Definition
A large sample typically refers to a sample size that is sufficiently large to provide reliable estimates of population parameters and to use asymptotic approximations (such as the Central Limit Theorem).
There is no strict cutoff, but in many contexts, a sample size greater than 30 is considered large.
Characteristics
Central Limit Theorem (CLT): The CLT states that the sampling distribution of the sample mean approaches a normal distribution as the sample size becomes large, regardless of the population's distribution.
Precision: Larger samples tend to yield more precise estimates of population parameters.

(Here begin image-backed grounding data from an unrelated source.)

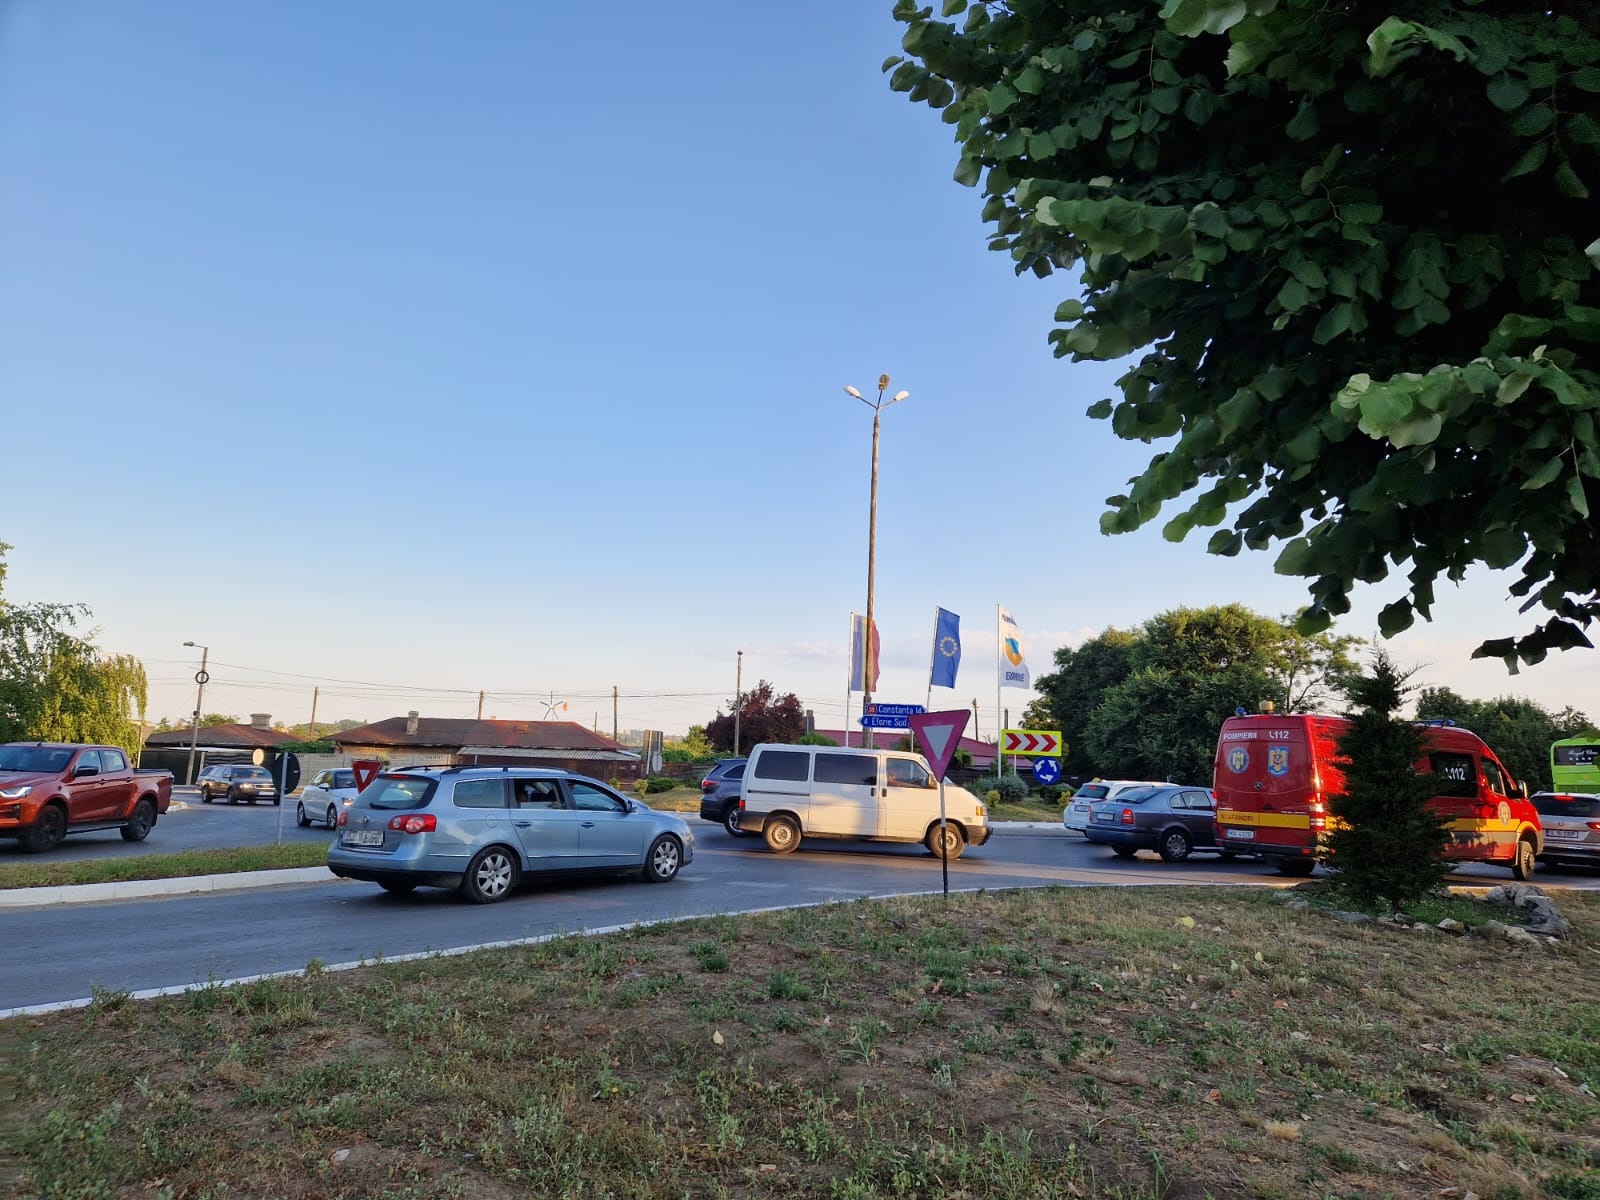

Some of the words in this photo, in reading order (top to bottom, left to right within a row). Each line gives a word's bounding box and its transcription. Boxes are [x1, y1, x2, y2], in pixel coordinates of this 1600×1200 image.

[871, 717, 892, 726] Eforie
[894, 717, 908, 727] Sud
[1223, 732, 1257, 740] POMPIERII
[1274, 730, 1289, 739] 112
[1450, 767, 1466, 781] 112

Reduced Sampling Error: The variability due to sampling error decreases as the sample size increases.
Advantages
More Accurate Estimates: Large samples provide more accurate estimates of population parameters.
Robustness: Results from large samples are more robust and less influenced by outliers.

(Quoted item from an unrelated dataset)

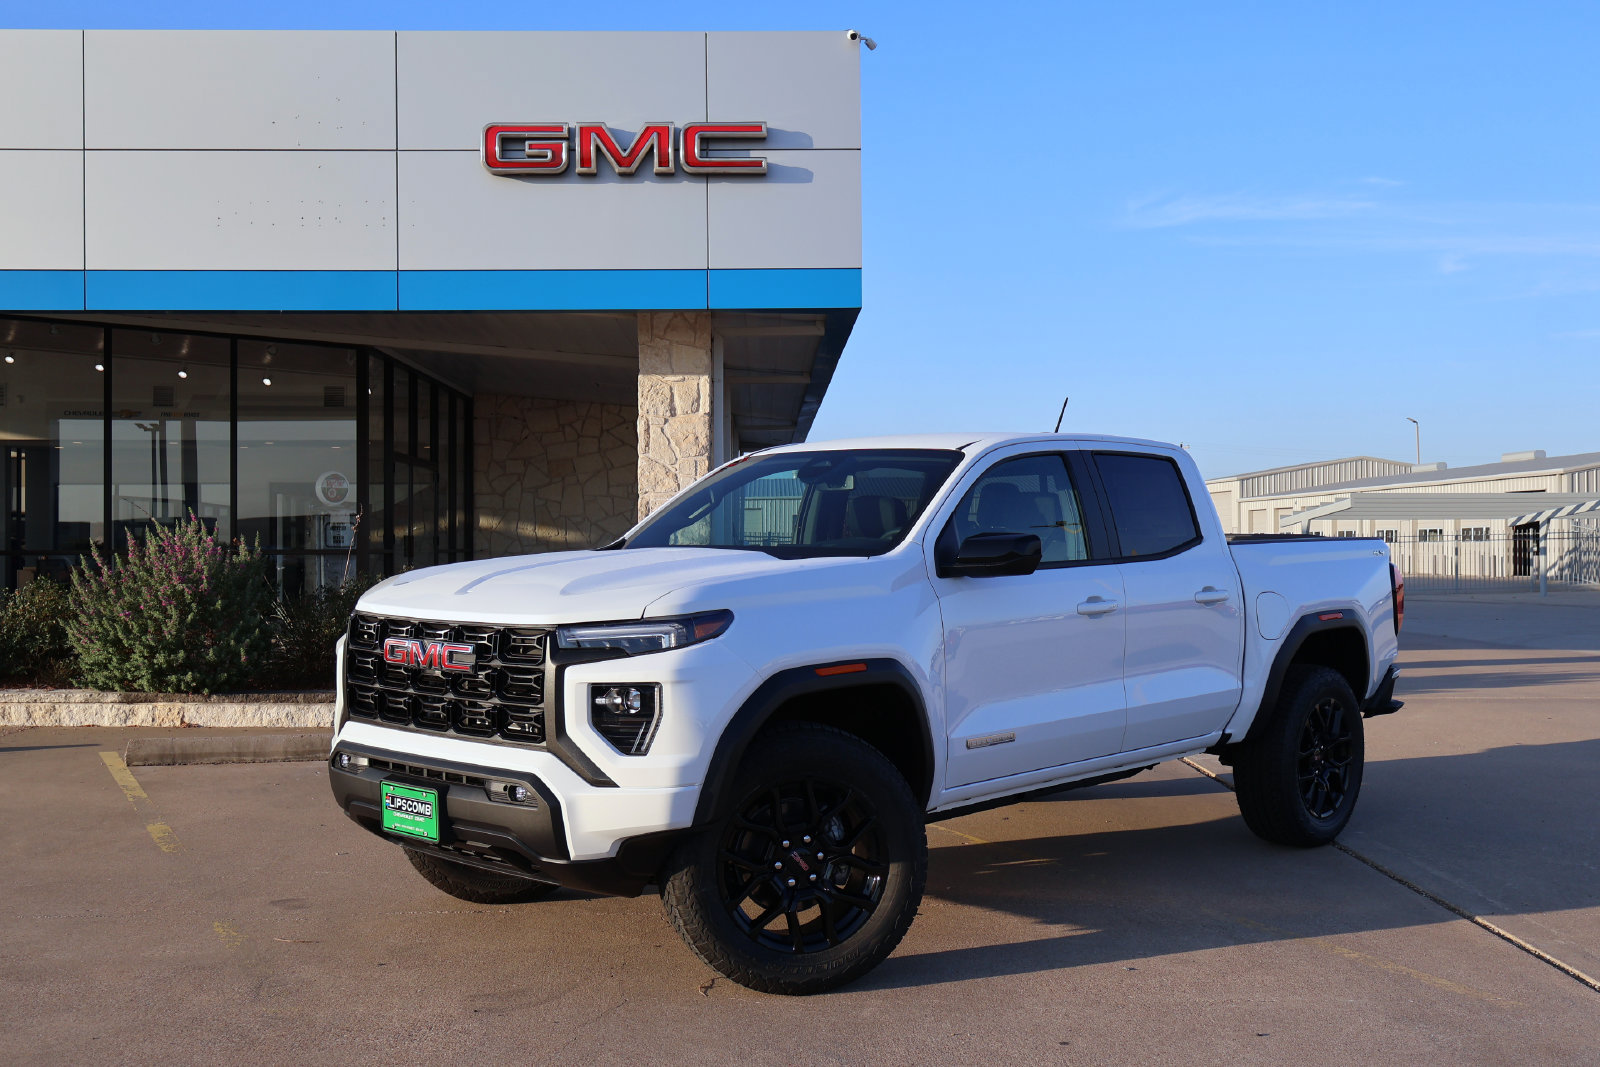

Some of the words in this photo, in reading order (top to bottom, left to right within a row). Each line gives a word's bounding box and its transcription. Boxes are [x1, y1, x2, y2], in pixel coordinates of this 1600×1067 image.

[480, 121, 767, 175] GMC
[383, 637, 476, 674] GMC
[389, 796, 432, 816] LIPSCOMB

Use of Normal Approximation: Large samples allow for the use of normal approximation in many statistical tests, simplifying the analysis.
Disadvantages
Cost and Time: Collecting and analyzing large samples can be expensive and time-consuming.
Complexity: Managing and analyzing large datasets can be complex and require advanced statistical tools and expertise.
Example
In a study to determine the average height of adult men in a city, a sample of 500 men would be considered a large sample.
This allows the researchers to make reliable inferences about the population's average height.